Wherever a picture appears in the listing, leave it out, and copy the rest exactly.

+++ RECORDS FOR THIS TASK

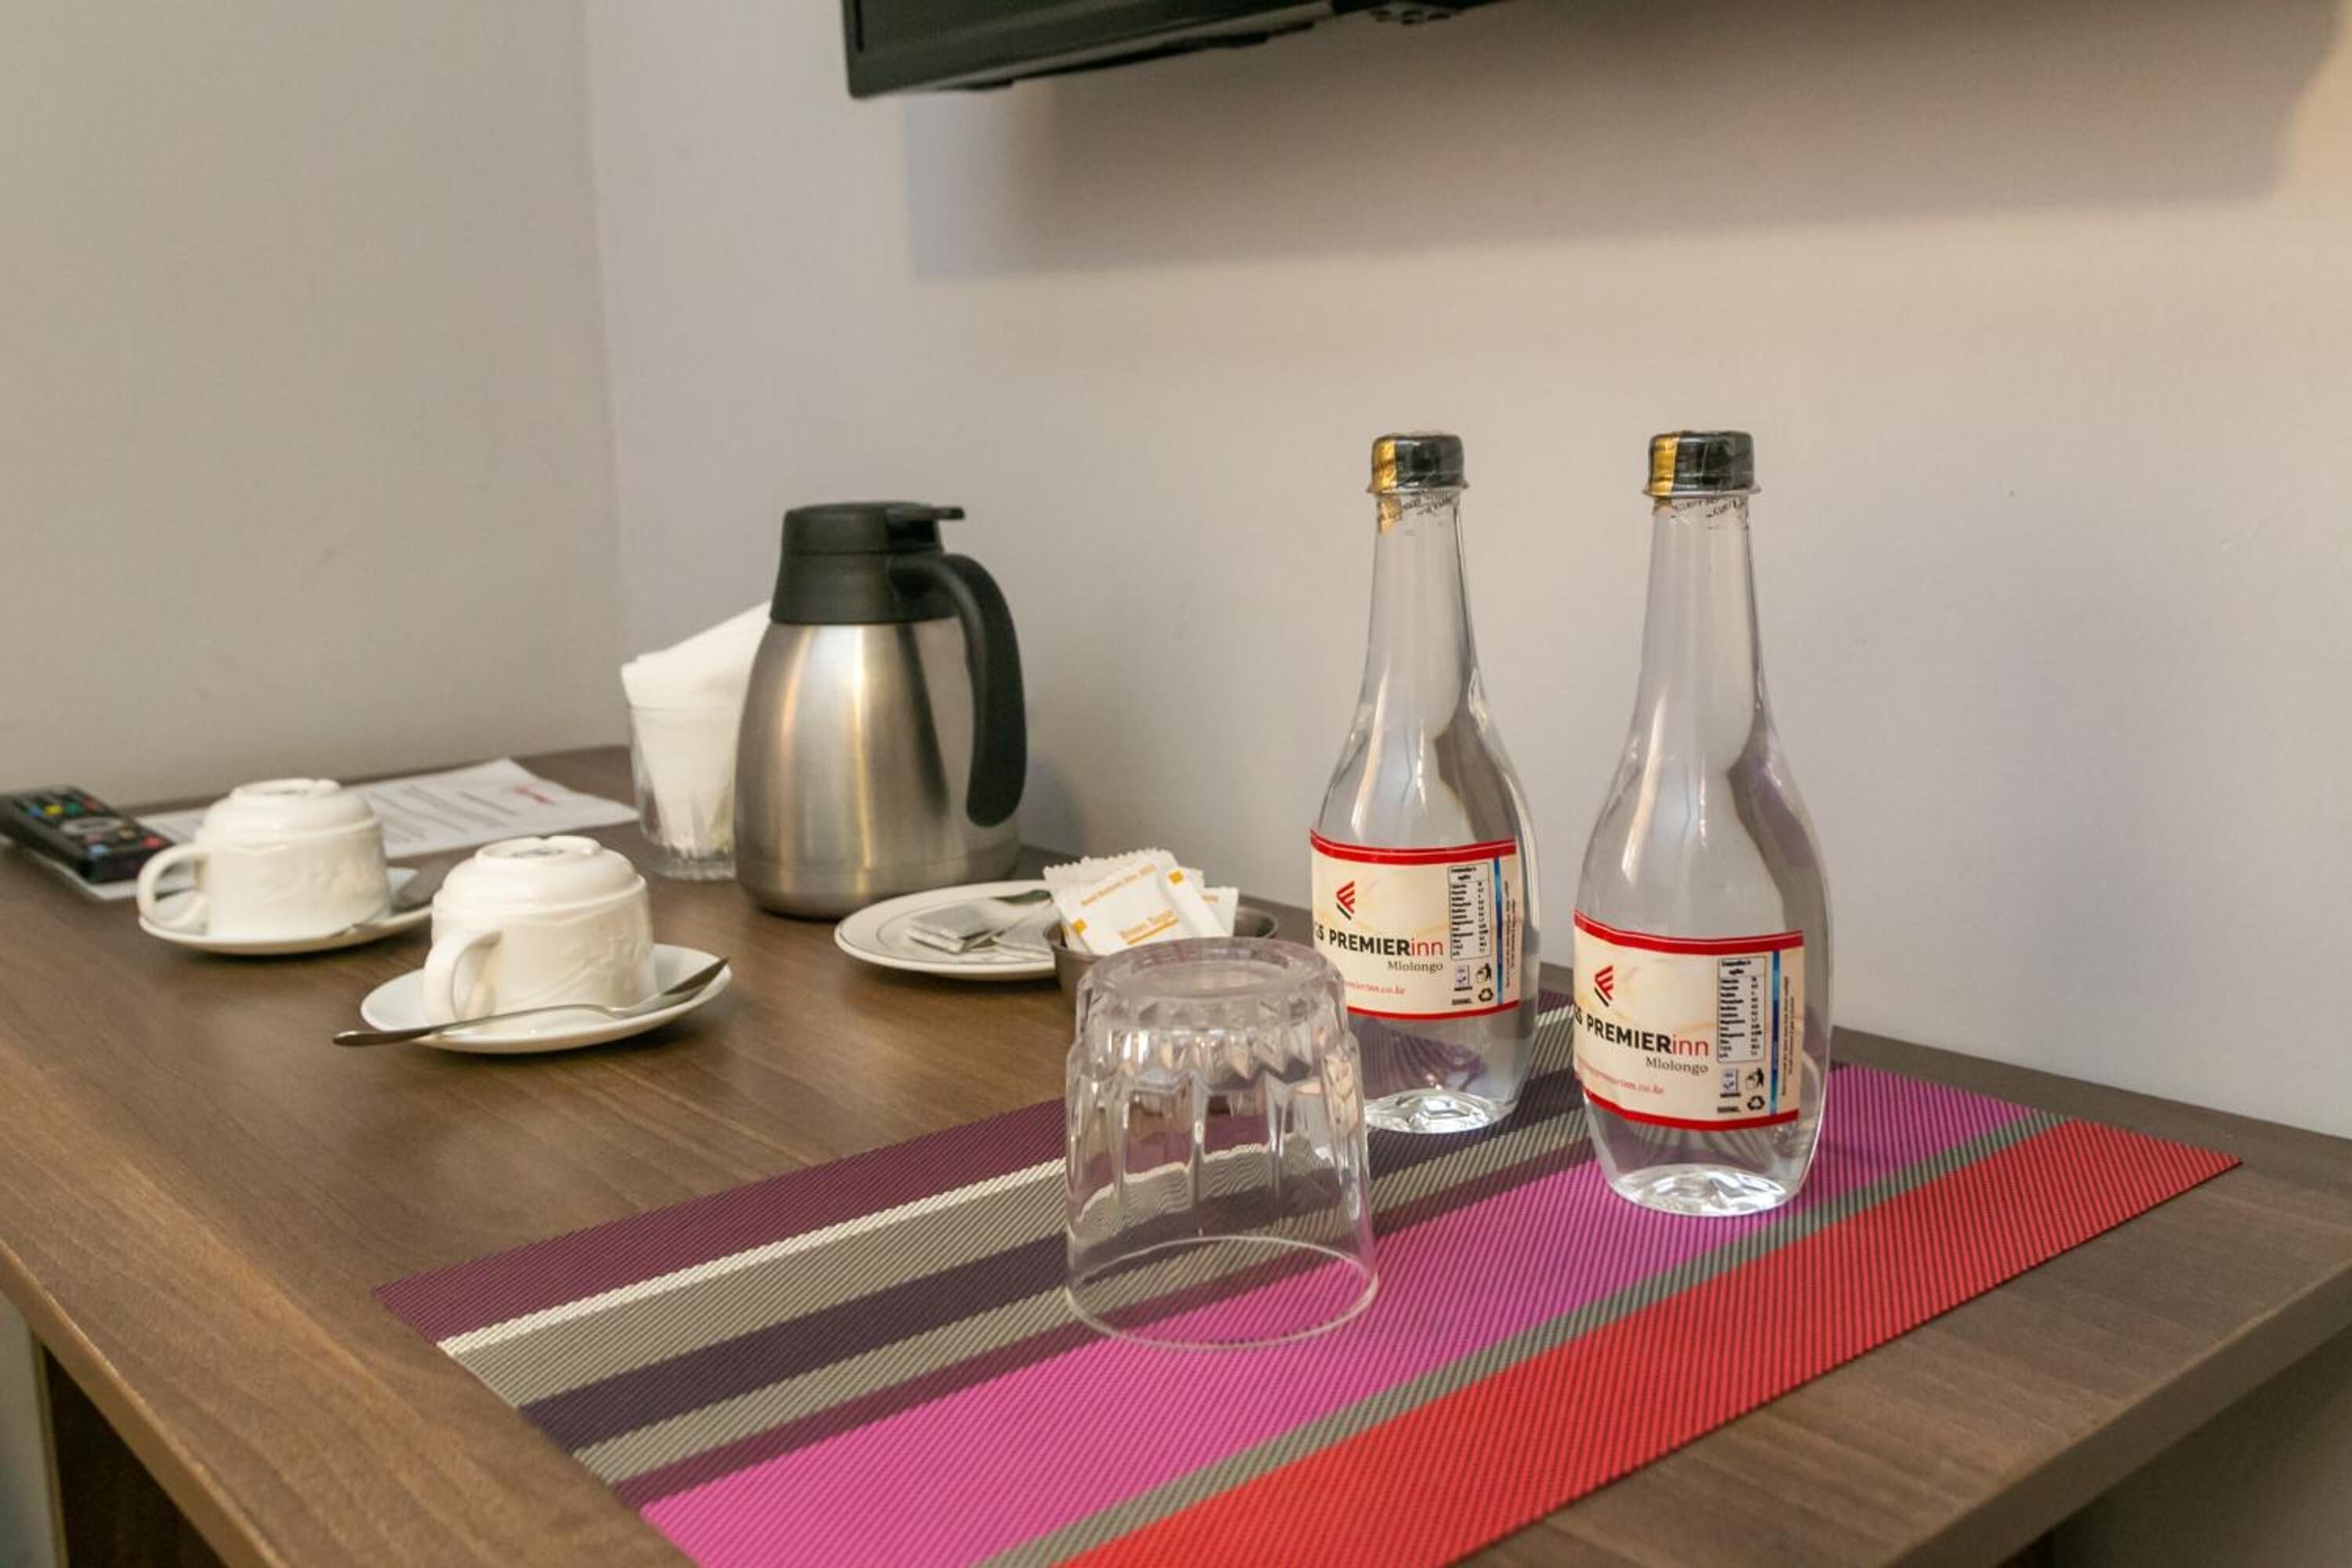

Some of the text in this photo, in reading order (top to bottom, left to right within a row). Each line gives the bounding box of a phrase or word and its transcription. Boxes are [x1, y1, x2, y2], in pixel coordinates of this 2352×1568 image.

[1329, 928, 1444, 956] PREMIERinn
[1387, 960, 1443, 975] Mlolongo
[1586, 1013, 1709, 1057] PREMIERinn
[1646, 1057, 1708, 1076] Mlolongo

++++++

OUTPUT OF THE TASK.
Some of the text in this photo, in reading order (top to bottom, left to right within a row). Each line gives the bounding box of a phrase or word and its transcription. Boxes are [x1, y1, x2, y2], in pixel coordinates of this 2352×1568 image.

[1329, 928, 1444, 956] PREMIERinn
[1387, 960, 1443, 975] Mlolongo
[1586, 1013, 1709, 1057] PREMIERinn
[1646, 1057, 1708, 1076] Mlolongo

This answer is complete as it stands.